The end of the Cold War also means an end to the battle of the brains -- the struggle between the United States and Soviet Union to see which superpower could recruit more foreign students to its universities to be propagandized in the "right" thinking and sent home.

Scholarship administrators in American universities fear that federal scholarships to foreigners will suffer from the budget ax now that the United States is no longer as interested in one-upping the Soviet scholarship programs.

A scholarship may be an unlikely tool for asserting control in the Third World. But a close look at certain U.S. and Soviet programs for Latin American students reveals more politics than academics.

Throughout the 1980s, Washington and Moscow ran a race to see who could grant more scholarships to Latin Americans. Most U.S. programs were run by the Agency for International Development.

The Soviets initially took the lead. "For every Panamanian in the U.S., there were nearly five in the Soviet Union," recalled Eduardo Conrado, a veteran university director of AID scholarships.

In 1984, the U.S. National Bipartisan Commission on Central America issued the "Kissinger report" with a recommendation to boost the program to 10,000 scholarships.

AID responded by giving $268 million to foreign students in 1985-87. Funds were targeted to poor people with leadership potential who could get an education and return to serve their countries. Some didn't go home, but AID has gradually worked out most of the loopholes students used to stay.

The United States built up its numbers until today more than 13,000 Latin American and Caribbean scholars have been educated in the United States courtesy of the taxpayers.
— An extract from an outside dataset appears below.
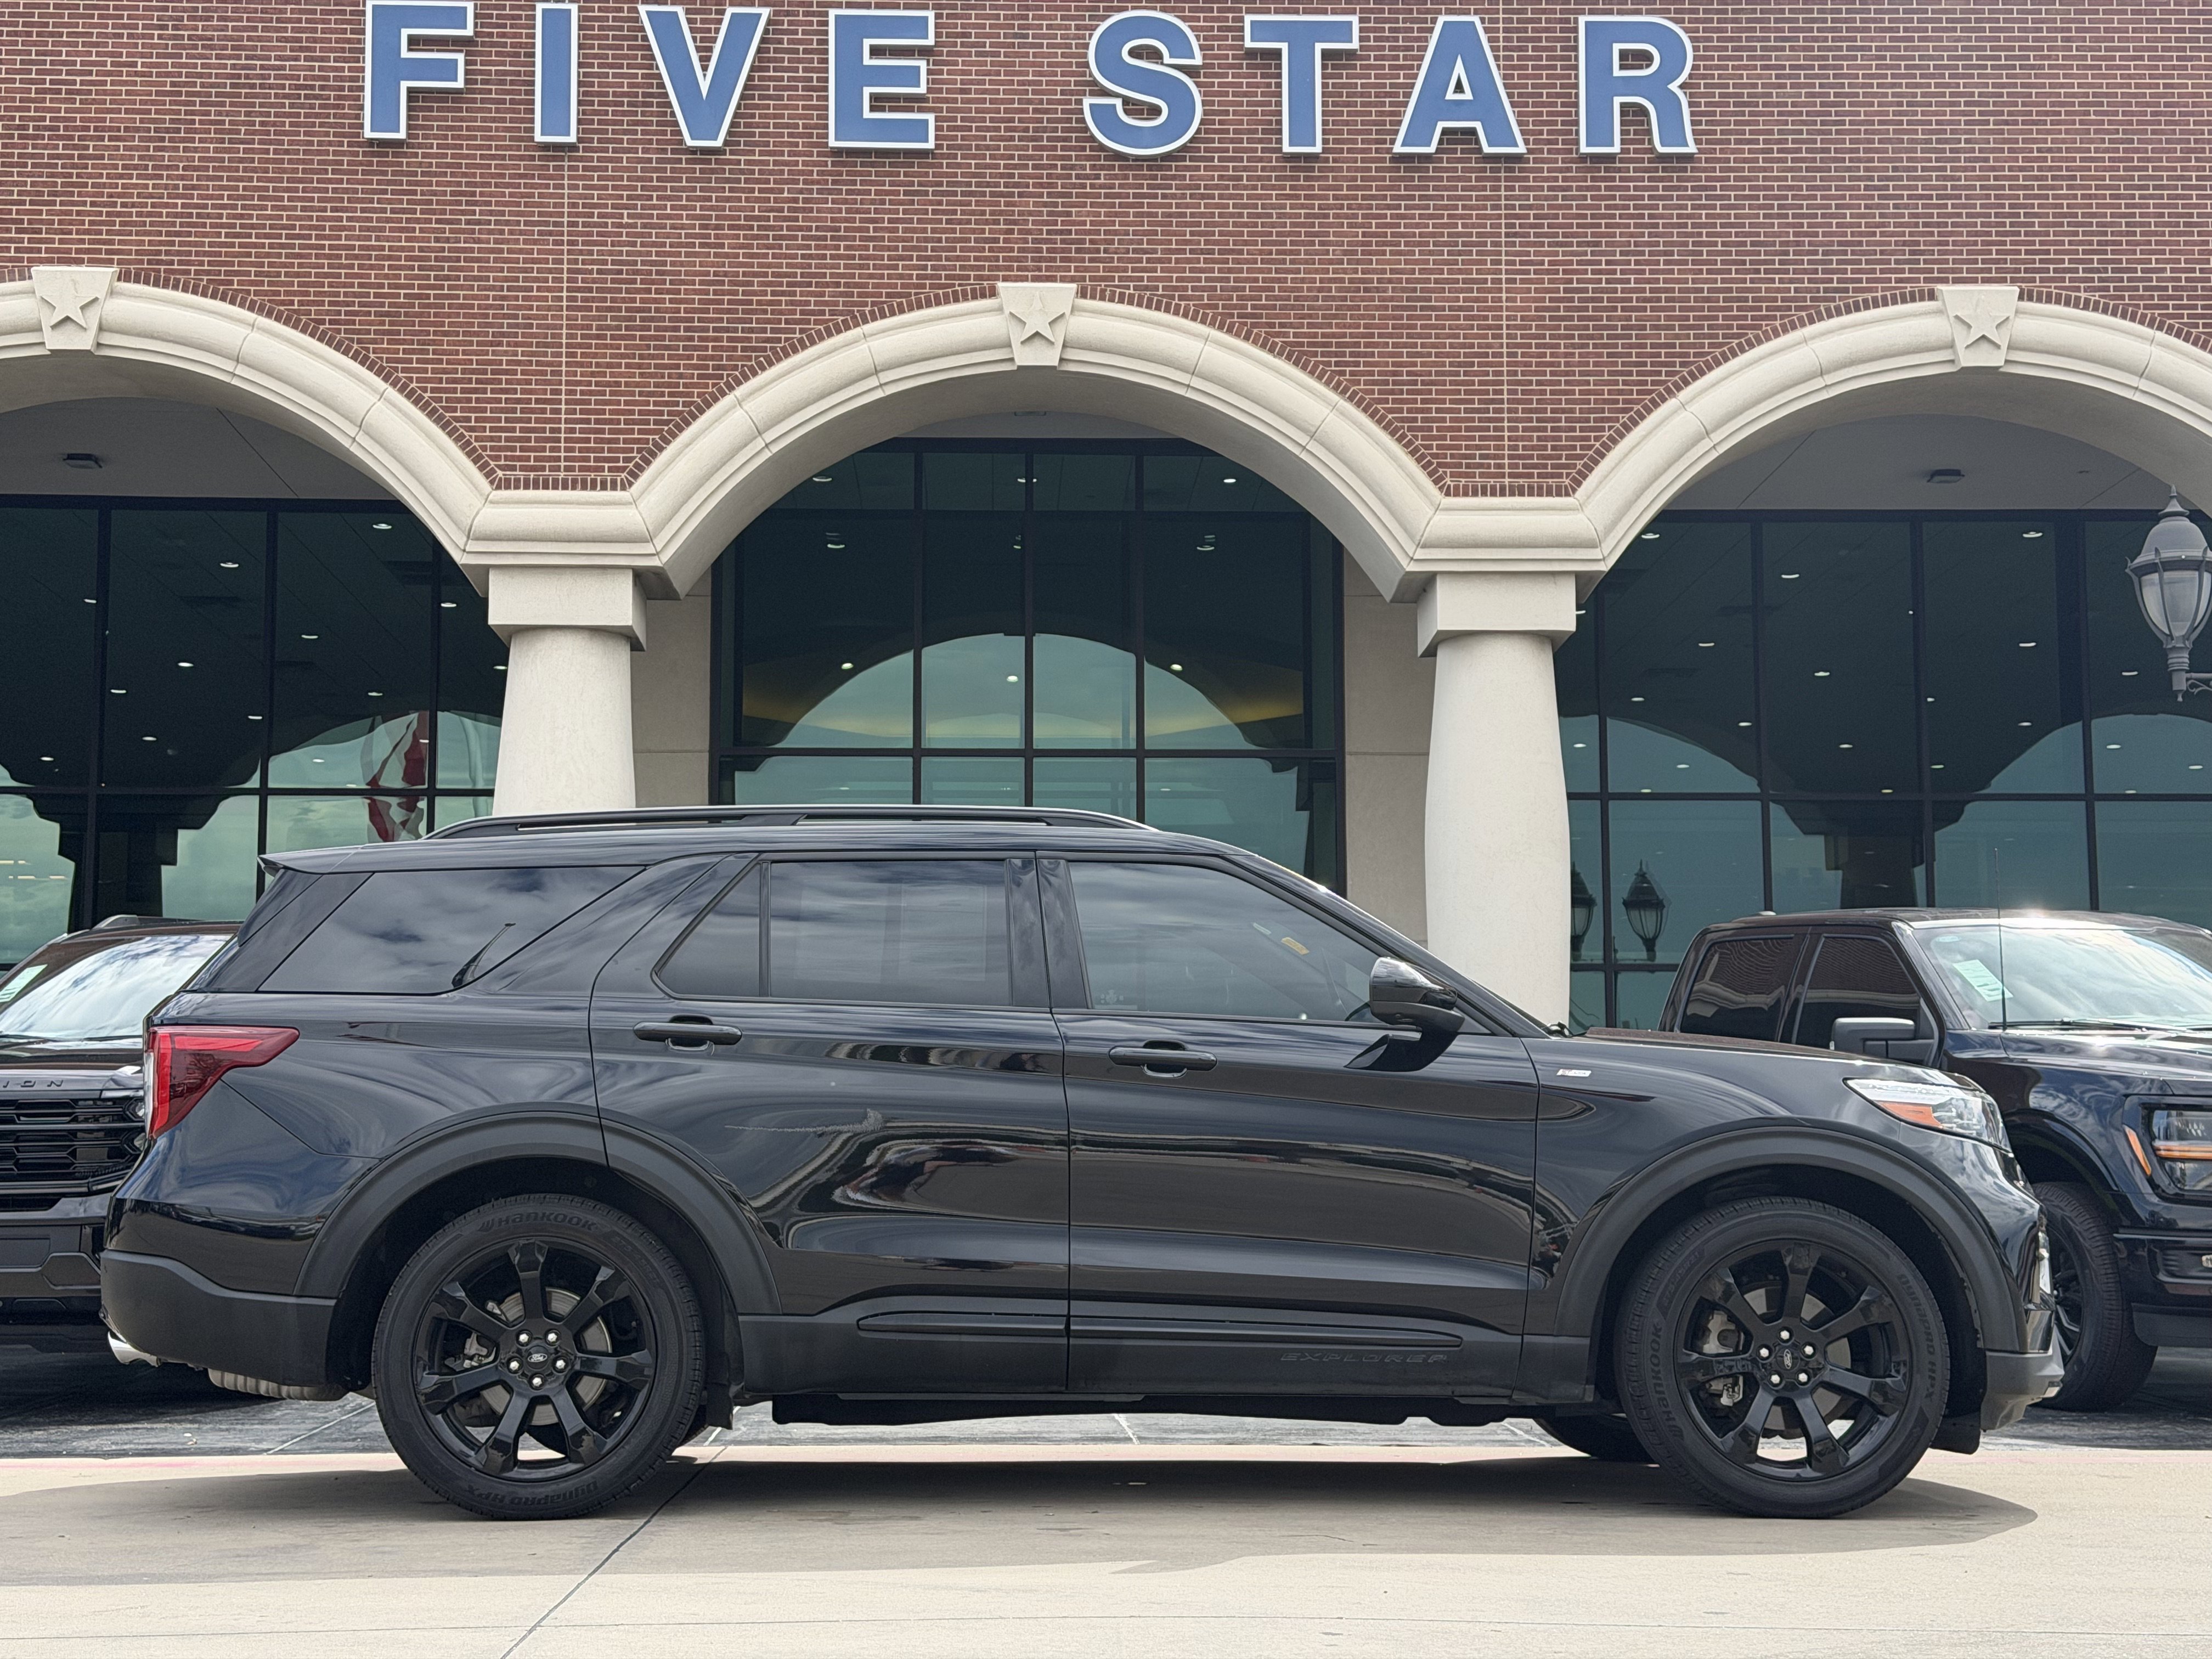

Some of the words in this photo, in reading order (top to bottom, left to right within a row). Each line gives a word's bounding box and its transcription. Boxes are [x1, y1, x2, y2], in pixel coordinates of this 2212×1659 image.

[363, 0, 935, 151] FIVE
[1083, 9, 1699, 159] STAR
[1280, 1352, 1447, 1363] EXPLORER
But a 1985 audit revealed that initially the United States was less interested in educating future leaders than in outnumbering Soviet-educated leaders.

The audit noted that poor people should be targeted for scholarships because they were also "one of the prime target groups of Soviet bloc training efforts." The audit said that unless the program was upgraded, it would be ineffective in counteracting Soviet scholarships, a mission the audit called "the primary goal" of the AID scholarships.

The report complained that too much money was going to countries where the Soviet presence was minimal. Nowhere in the audit were the educational needs of students from those countries emphasized.

Scholarship administrators at various universities told our associate Dean Boyd that the Soviet-U.S. competition has always been one motivating force behind the AID largess. But under glasnost, the program has outgrown its Cold War mentality.

AID officials assured us their program has matured beyond a numbers game. University administrators agree, but some fear that without the competition, the scholarships will not be a priority and the budget will be cut.

AID officials told us that won't happen and that little or no consideration should be given to what the Soviets are doing. But one federal scholarship administrator told us, "It remains to be seen how committed Washington is to long-term development in Latin America or short-term political goals."